Don’t let Apple’s
Siri fool you into complacency about artificial intelligence. Automatons
have been a worry for a while now, and not just in our home appliances and
digital devices. Humans being overcome and ultimately destroyed by the robots who
serve them has been a longstanding trope of science fiction literature since its
inception, and earlier literary examples include E.T.A. Hoffmann’s
Der Sandmann and Johann
Richter’s satires. Indeed, primitive mechanical automata were often darling court
entertainments for the aristocrats of the European enlightenment. More
pragmatically, automatons and the automation of human endeavour they represent
remain the playthings of the wealthy elite. Anxiety toward robots manifests
real fears of human obsolescence, as technological developments within modern
capitalism tend to displace workers from their jobs by making their work
obsolete and the workers hopelessly uncompetitive. Such exploitation is really only
one articulation of the possibilities enabled by the automation of human labour,
and not the inevitable outcome of technology. This anxiety – which famously and
somewhat apocryphally brought the word ‘sabotage’ into the English language
after French and Dutch labourers halted the machines which were intended to
replace them – is really directed toward the ontology of the human experience,
as since the mastery of fire our existence has been predicated on our
technological capacity. If the human is defined primarily by the non-human
tools which displace our previous sense of ourselves, then is the purpose of
the human experience to transcend itself? Robots stand in the place of our
worry that we will not live up to ourselves.
Paradroid is
a strategic action game in which players act as both robot and (offscreen) human.
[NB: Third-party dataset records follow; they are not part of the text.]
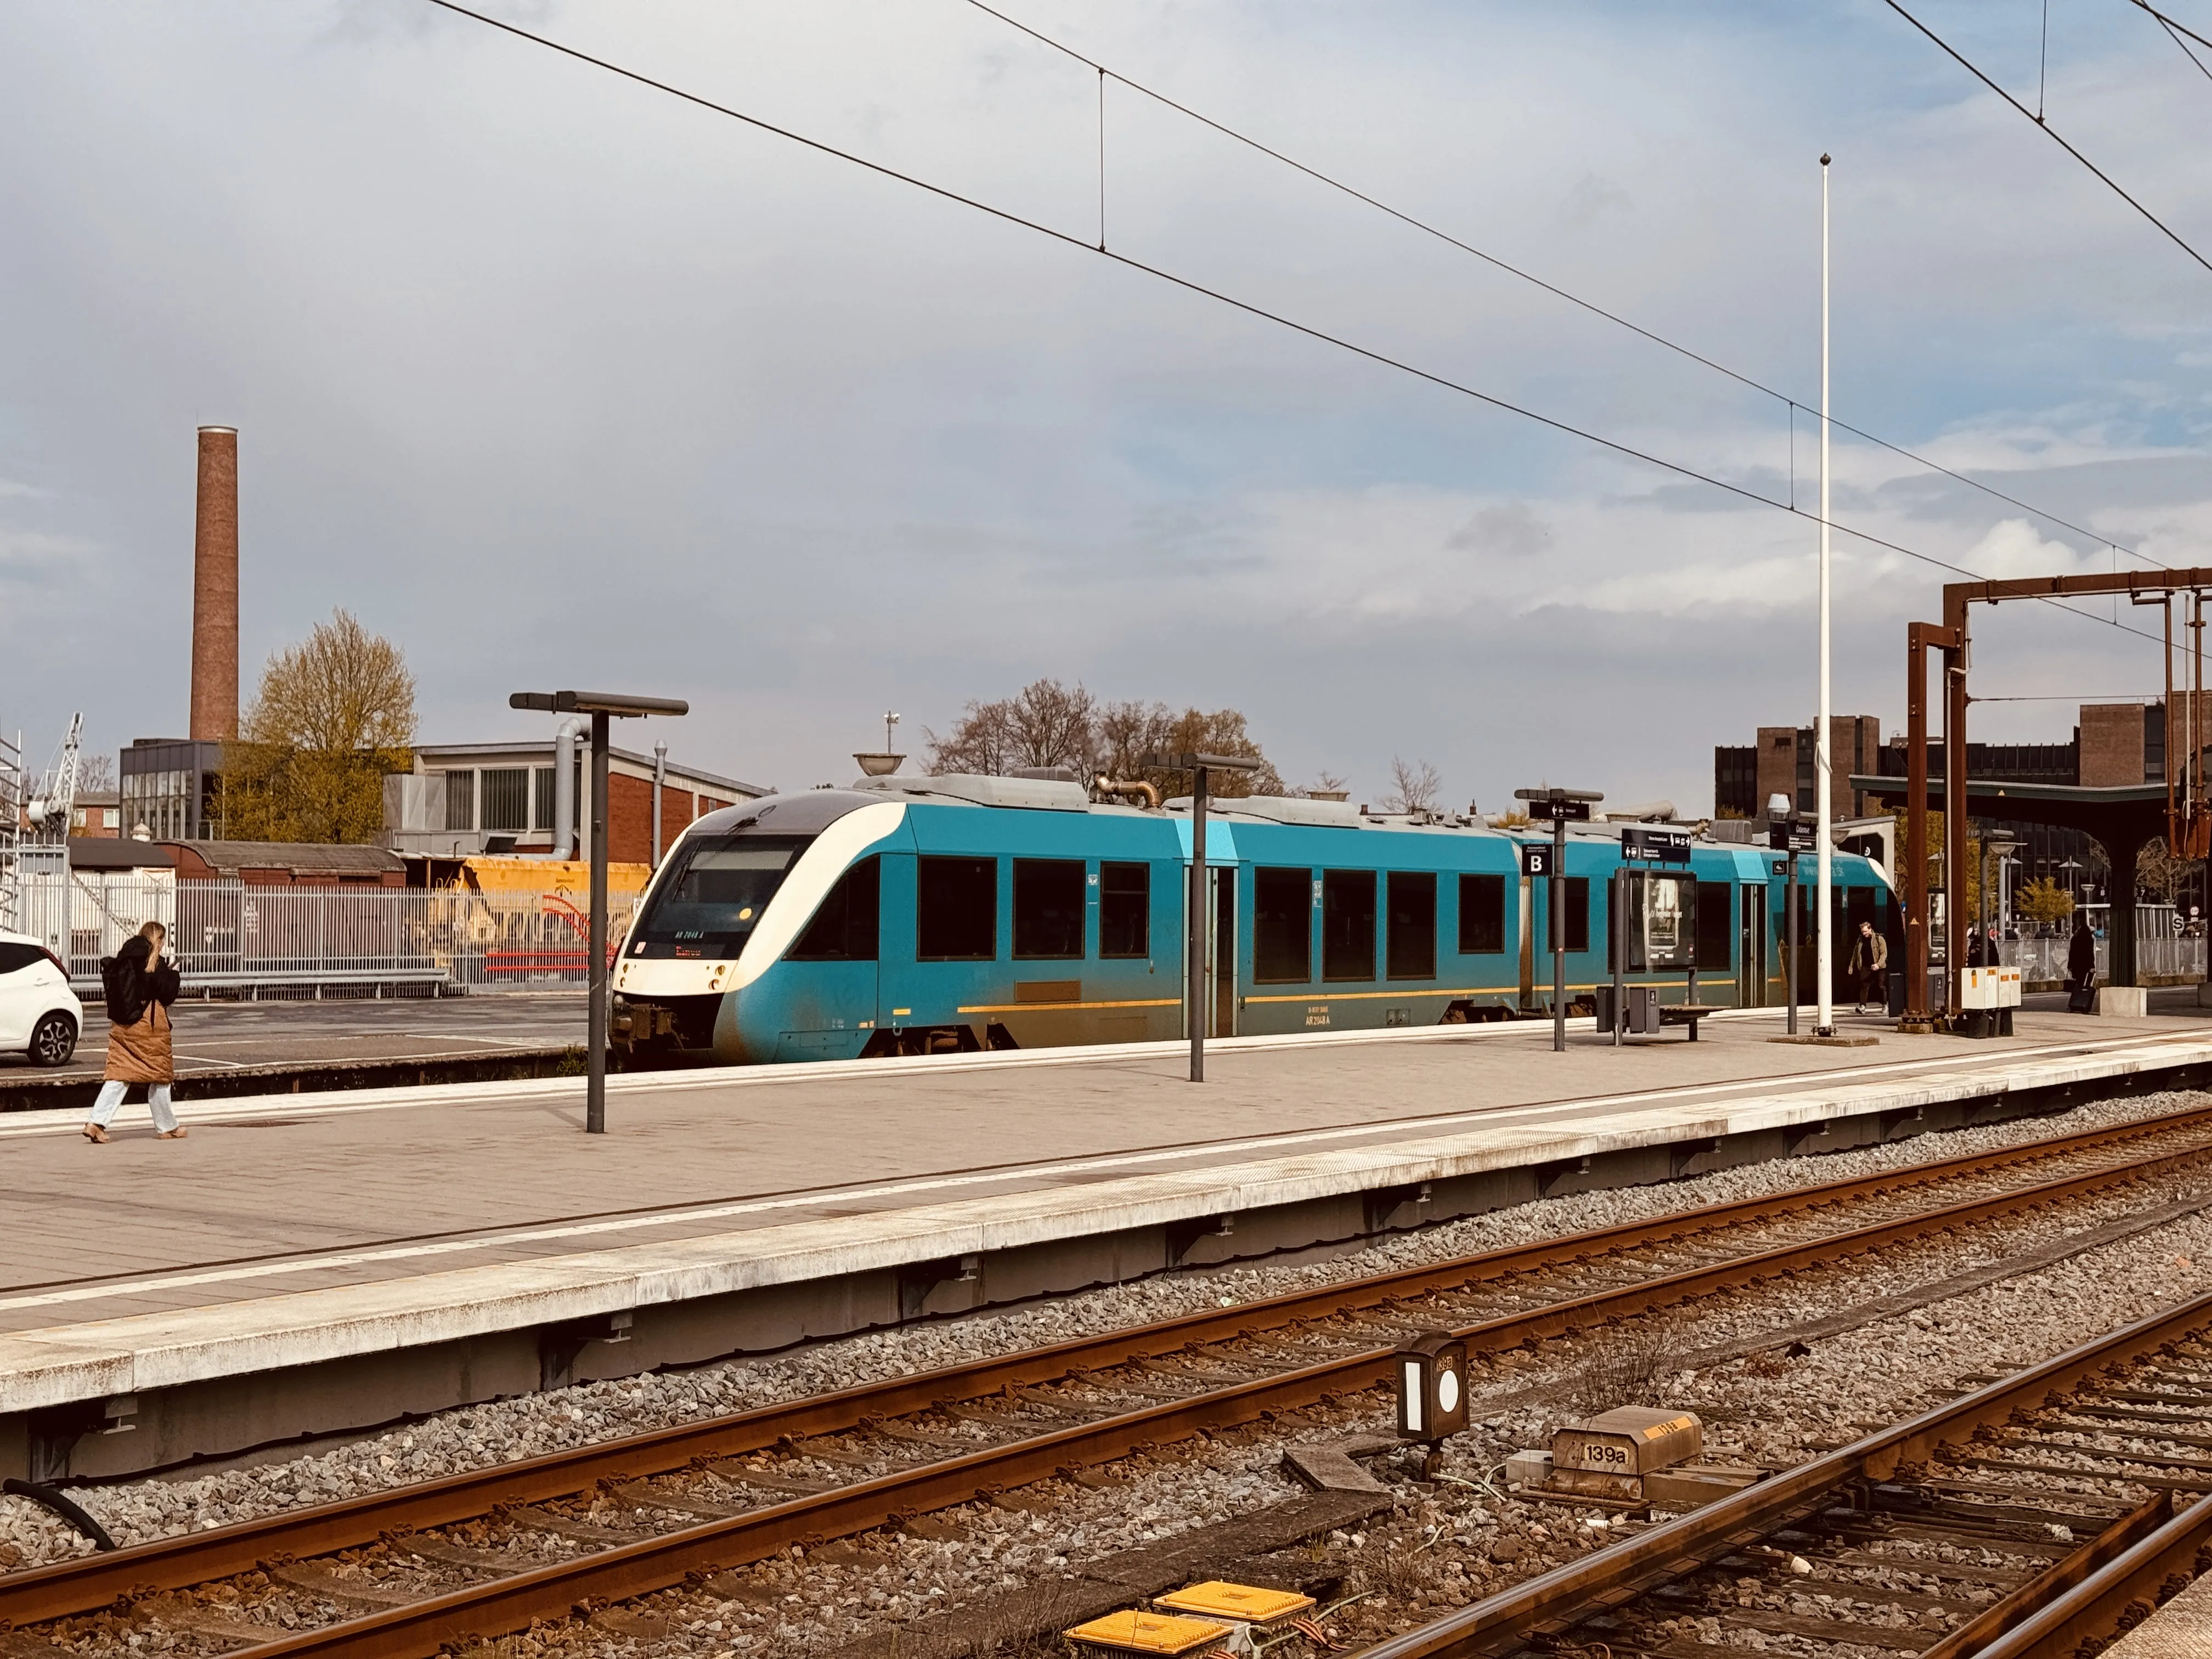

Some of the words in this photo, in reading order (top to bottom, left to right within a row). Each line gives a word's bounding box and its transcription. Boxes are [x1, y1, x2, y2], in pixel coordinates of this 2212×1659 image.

[1531, 855, 1542, 872] B
[2173, 918, 2183, 929] S
[1436, 1356, 1452, 1371] 139a
[1658, 1422, 1679, 1436] 139a
[1587, 1445, 1626, 1464] 139a
Released for the Commodore 64 in 1985 by the English developer
Hewson Consultants and programmed by Andrew Braybrook (whose previous game
Gribbly’s Day Out had received favourable
attention from the British gaming press, and who would go on to develop the
equally well-regarded shooter
Uridium),
the game situates players as being in remote control of an ‘Influence Device’
on board a derelict space craft, tasked with destroying a ship full of robots
which killed the human crew after their circuits were damaged when the ship
passed through a spatial anomaly. These derelict spaceships are now travelling
into enemy territory, with grave consequences for humanity should the ships
fall under control of enemy forces.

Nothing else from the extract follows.